▶ _To do_: The full set of records needs to be retyped exactly.

▶ _Recorded information_:
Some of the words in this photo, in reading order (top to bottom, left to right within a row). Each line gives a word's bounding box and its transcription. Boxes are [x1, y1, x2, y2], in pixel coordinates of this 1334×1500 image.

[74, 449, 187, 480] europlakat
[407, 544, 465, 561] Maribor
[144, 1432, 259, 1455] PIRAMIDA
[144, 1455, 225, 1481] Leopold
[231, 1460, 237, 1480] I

▶ _Response area_:
Some of the words in this photo, in reading order (top to bottom, left to right within a row). Each line gives a word's bounding box and its transcription. Boxes are [x1, y1, x2, y2], in pixel coordinates of this 1334×1500 image.

[74, 449, 187, 480] europlakat
[407, 544, 465, 561] Maribor
[144, 1432, 259, 1455] PIRAMIDA
[144, 1455, 225, 1481] Leopold
[231, 1460, 237, 1480] I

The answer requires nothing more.